こんな映画は見ちゃいけない!

映画ライター・福本ジローによる、ハリウッドの大作から日本映画の小品までスポットを当てる新作映画専門批評サイト。

メッセージ そして、愛が残る

otello2010-09-16

メッセージ そして、愛が残る AFTERWARDS

ポイント ★★*
監督 ジル・ブルドス
出演 ロマン・デュリス/ジョン・マルコヴィッチ/エヴァンジェリン・リリー/リース・トンプソン
ナンバー 211
批評 ネタばれ注意! 結末に触れています


死は悲しい運命なのか、粛々と受け入れる永遠の眠りなのか。様々な人の死を予言され、その瞬間に立ち会った主人公が自らもまた最期の時が近いと知らされ、何をすべきかを自問していく。それは残された者へ感謝の念を伝える旅。映画は仕事中毒の弁護士が、ある男の出現で生き方を変えて行く中で、人間らしい感情を取り戻していく過程を描く。息を引き取るときに誰かがそばにいる、それだけで素晴らしい人生だったと思える。まして愛する人に看取られるなら、死は恐れるものではないとこの作品は訴える。


NYで働くネイサンのもとにケイと名乗る医師が現れ、死について語る。ネイサンは最初は相手にしなかったが、ケイが大学時代の恋人の死を予告し、ネイサンが彼女が殺される現場に居合わせてにわかに信じ始める。
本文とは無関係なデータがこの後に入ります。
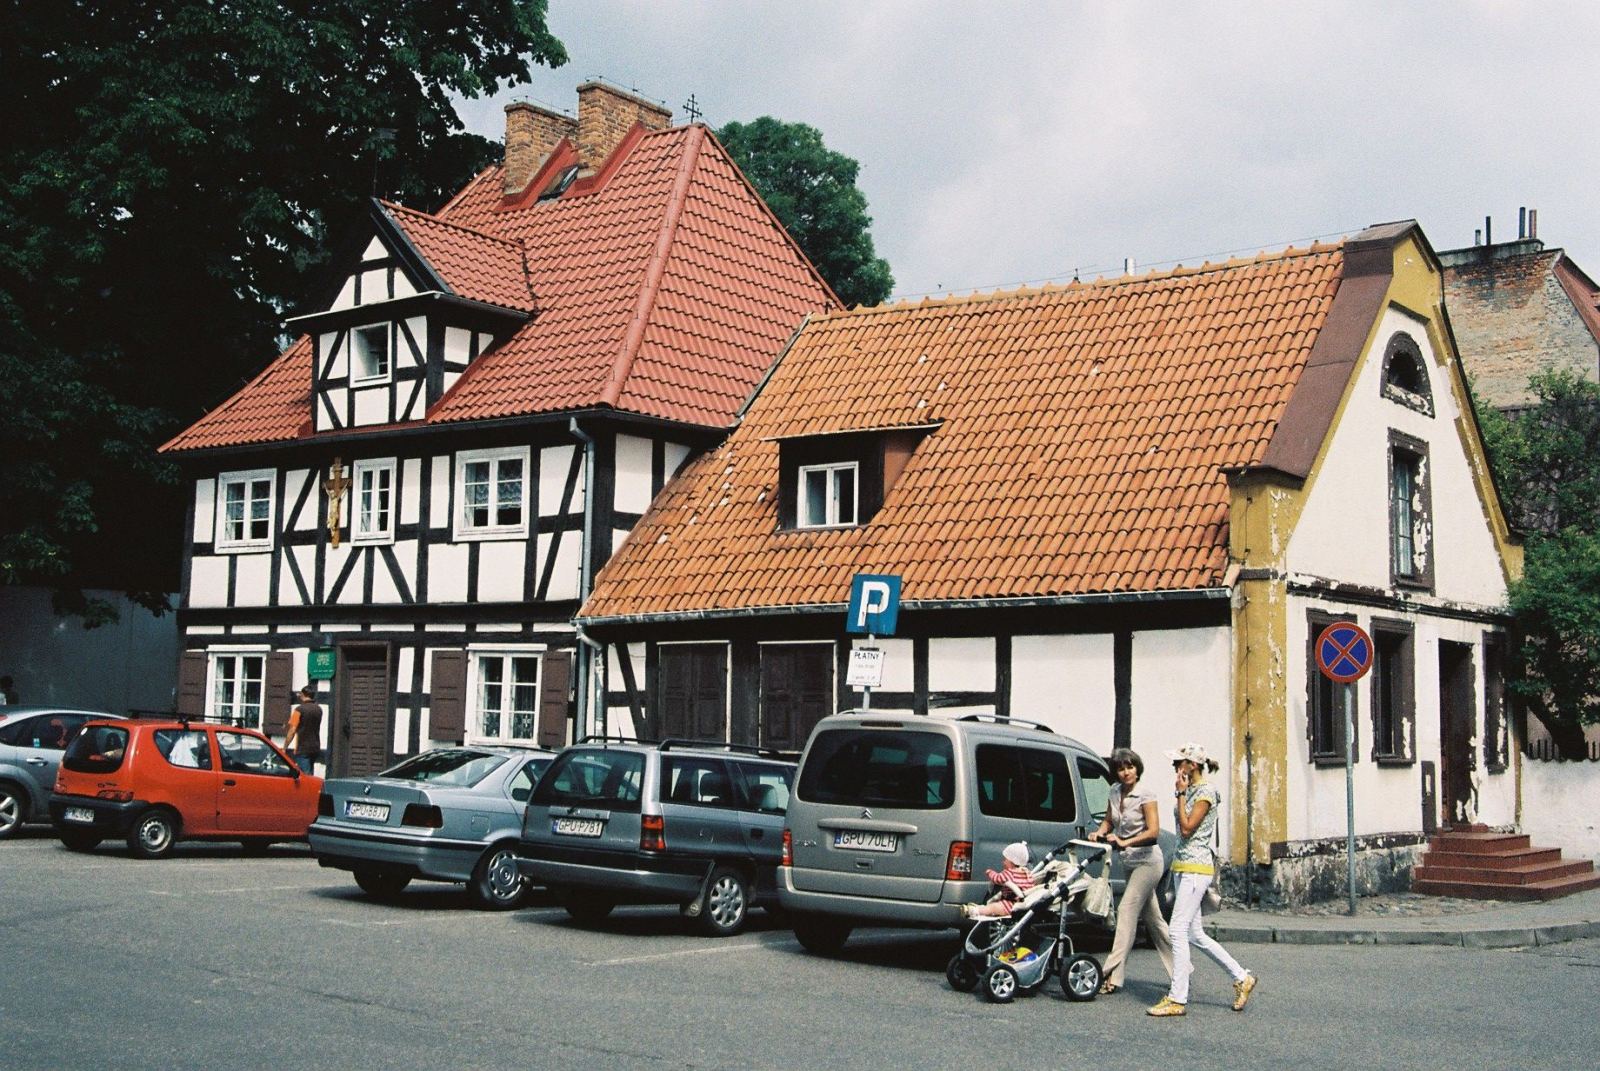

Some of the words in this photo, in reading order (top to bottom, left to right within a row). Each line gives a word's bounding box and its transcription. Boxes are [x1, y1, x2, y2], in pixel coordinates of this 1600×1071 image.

ネイサンには別居中の妻・クレアとの溝を埋める必要があった。


普段意識していない「死」が、ケイの出現によってその影を濃くし、執拗にネイサンに付きまとう。理論を重視し、人の命をカネに換算するのには長けていてもその重さを実感することのなかった彼が、徐々にケイの言葉に耳を傾けていく。少年のころ交通事故で臨死体験したネイサンは、その時に見たビジョンを無理に封印してきた。だからこそ、ケイを疑いつつも否定しきれない。いや、どこかで彼こそが己の理解者ではと期待している。一方で赤ちゃんを死なせクレアを責めたことでナーバスになっている。そんな自分でも整理しきれぬ気持ちの微妙なゆらぎをロマン・デュリスは目の動きだけで演じて見せる。


◆以下 結末に触れています◆


ケイはターミナルケアの医師として多数の患者を看取ってきたはず。穏やかで満ち足りた死ばかりでなく、本人が認識する間もなく訪れた突然の死もある。その経験から心の痛みを少しでも和らげ、死は決して耐えがたい別れではないことを広めたいのだろう。ただ、ネイサンもケイも表情はずっと深刻なまま。「死」を伝えるのに厳粛な雰囲気は必要だが、それでももう少し笑顔を見せてくれなければ、やはり「死」は不幸なものだと思わざるを得ない。。。